TASK REQUIREMENTS:
Exact transcription of the following records is needed, with every picture dropped.

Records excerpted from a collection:
------------------------------

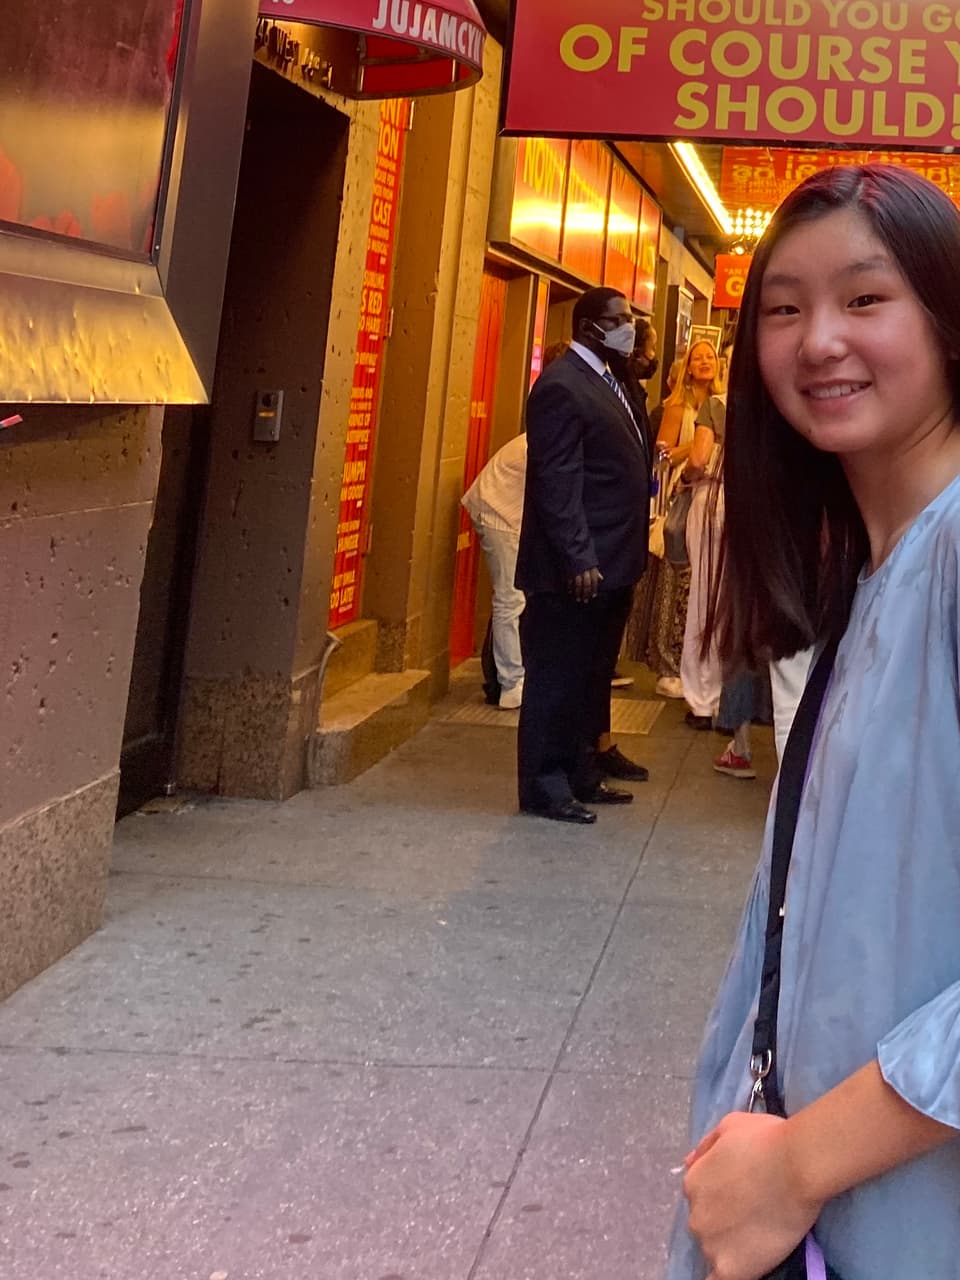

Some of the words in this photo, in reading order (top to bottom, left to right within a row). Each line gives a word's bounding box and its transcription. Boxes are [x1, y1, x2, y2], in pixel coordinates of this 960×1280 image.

[822, 0, 909, 32] YOU
[559, 23, 649, 72] OF
[669, 28, 928, 84] COURSE
[373, 198, 392, 226] CAST
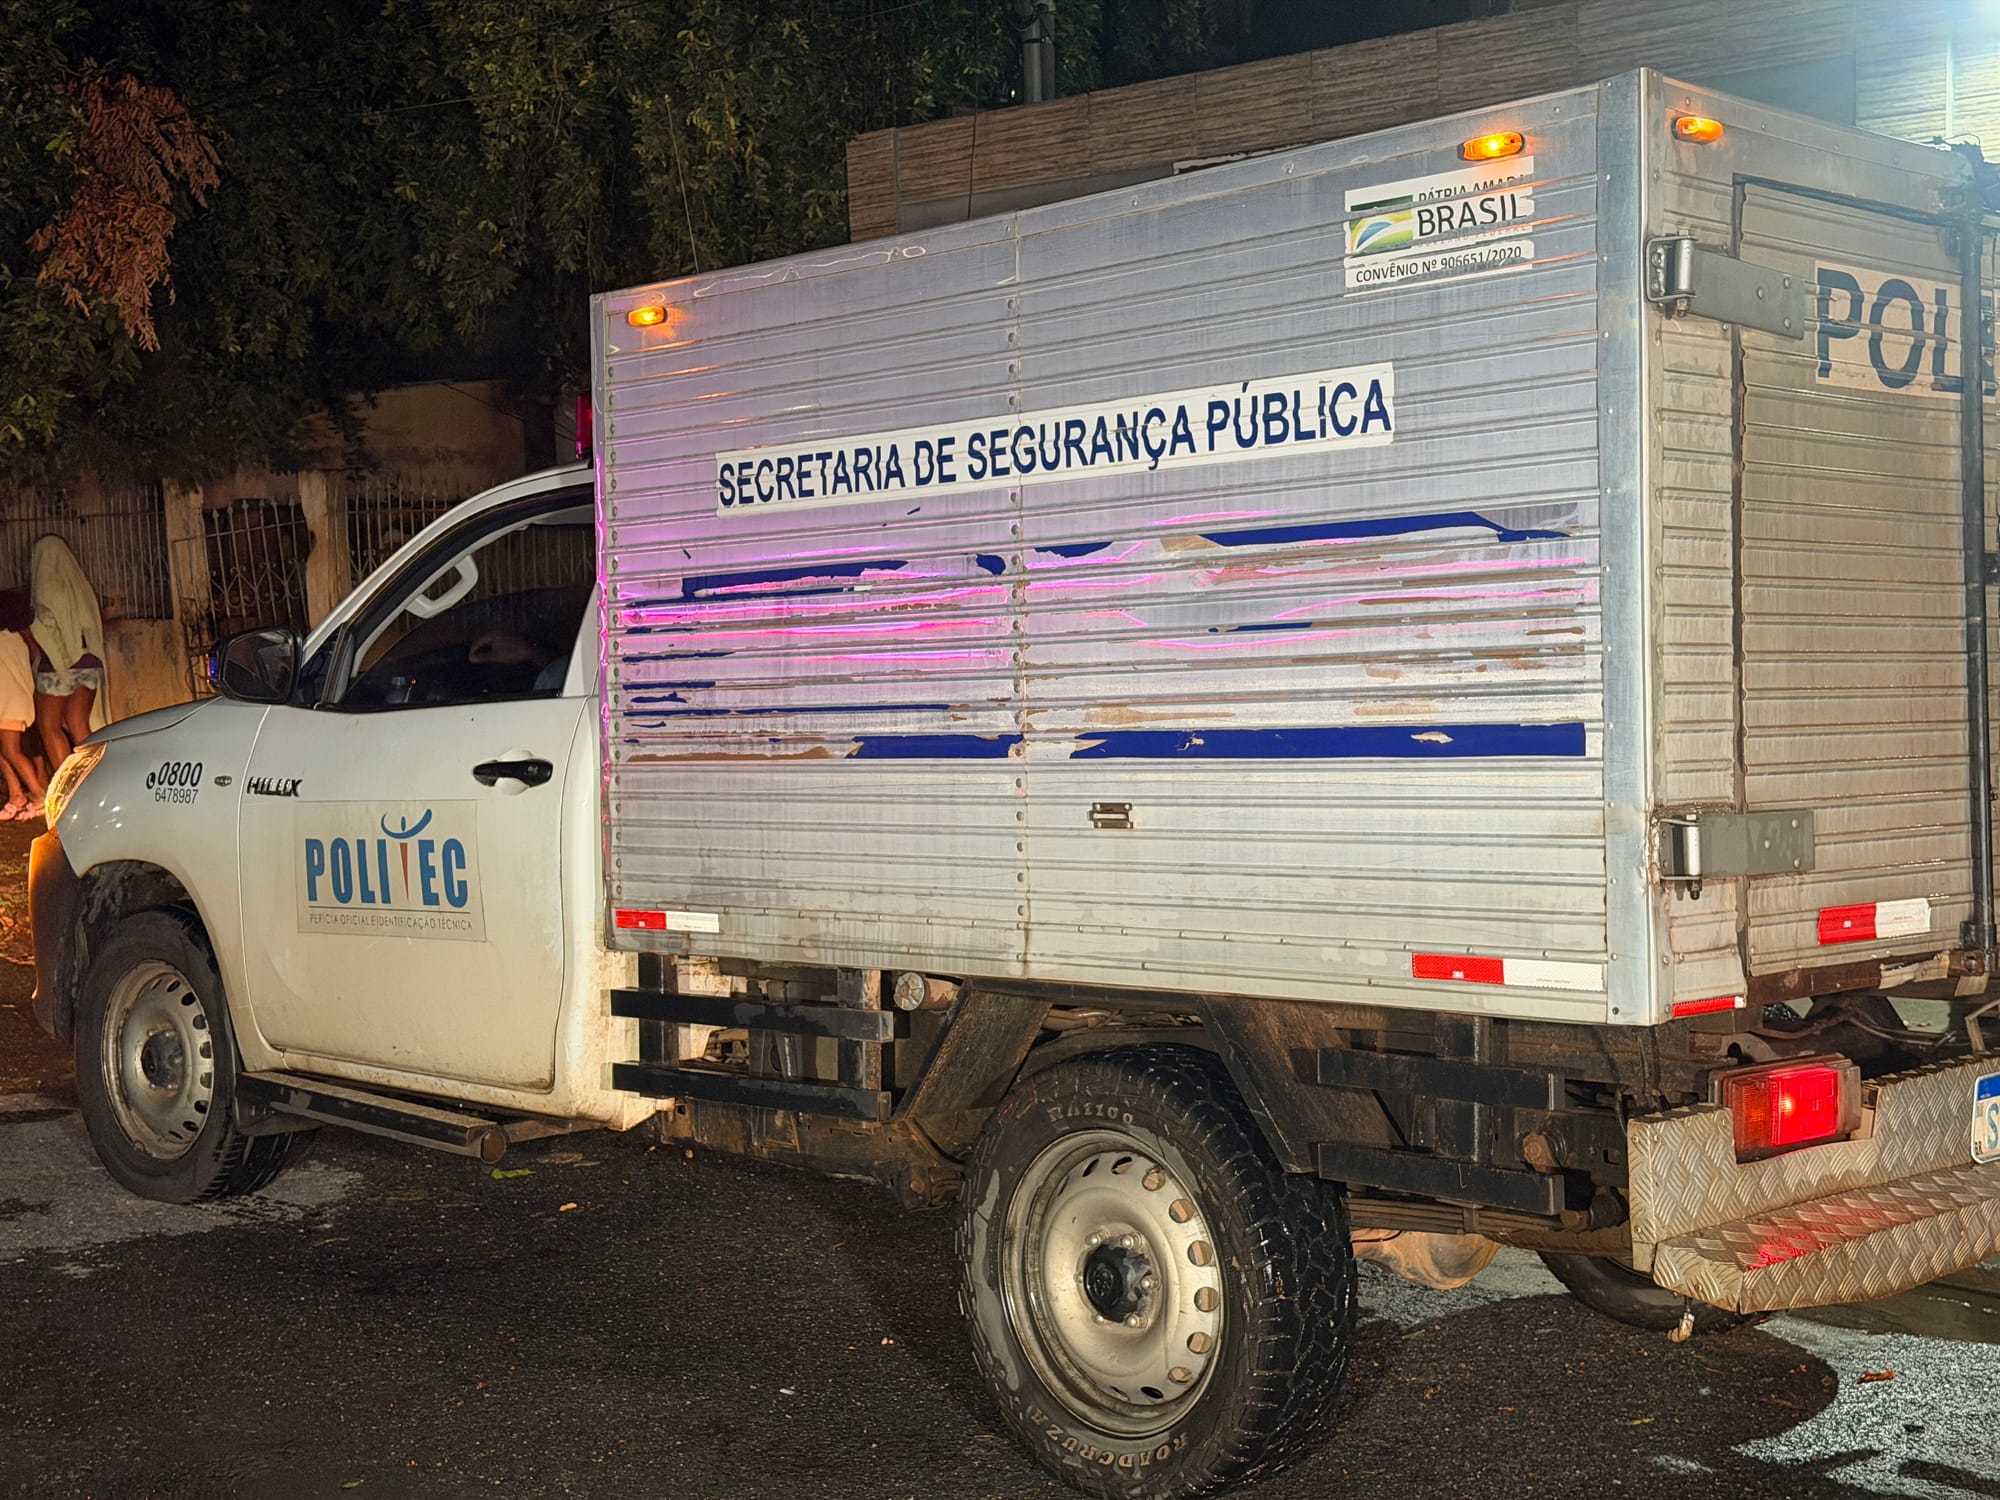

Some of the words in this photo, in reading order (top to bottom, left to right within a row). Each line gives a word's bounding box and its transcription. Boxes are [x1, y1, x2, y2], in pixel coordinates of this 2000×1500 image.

------------------------------

WORKED SOLUTION:
Some of the words in this photo, in reading order (top to bottom, left to right within a row). Each line gives a word's bounding box and its transcription. Boxes are [x1, y1, x2, y2], in pixel coordinates of this 960×1280 image.

[822, 0, 909, 32] YOU
[559, 23, 649, 72] OF
[669, 28, 928, 84] COURSE
[373, 198, 392, 226] CAST

Some of the words in this photo, in reading order (top to bottom, left to right within a row). Each line gives a word's bounding box and its transcription. Boxes are [x1, y1, x2, y2], in pixel coordinates of this 2000×1500 image.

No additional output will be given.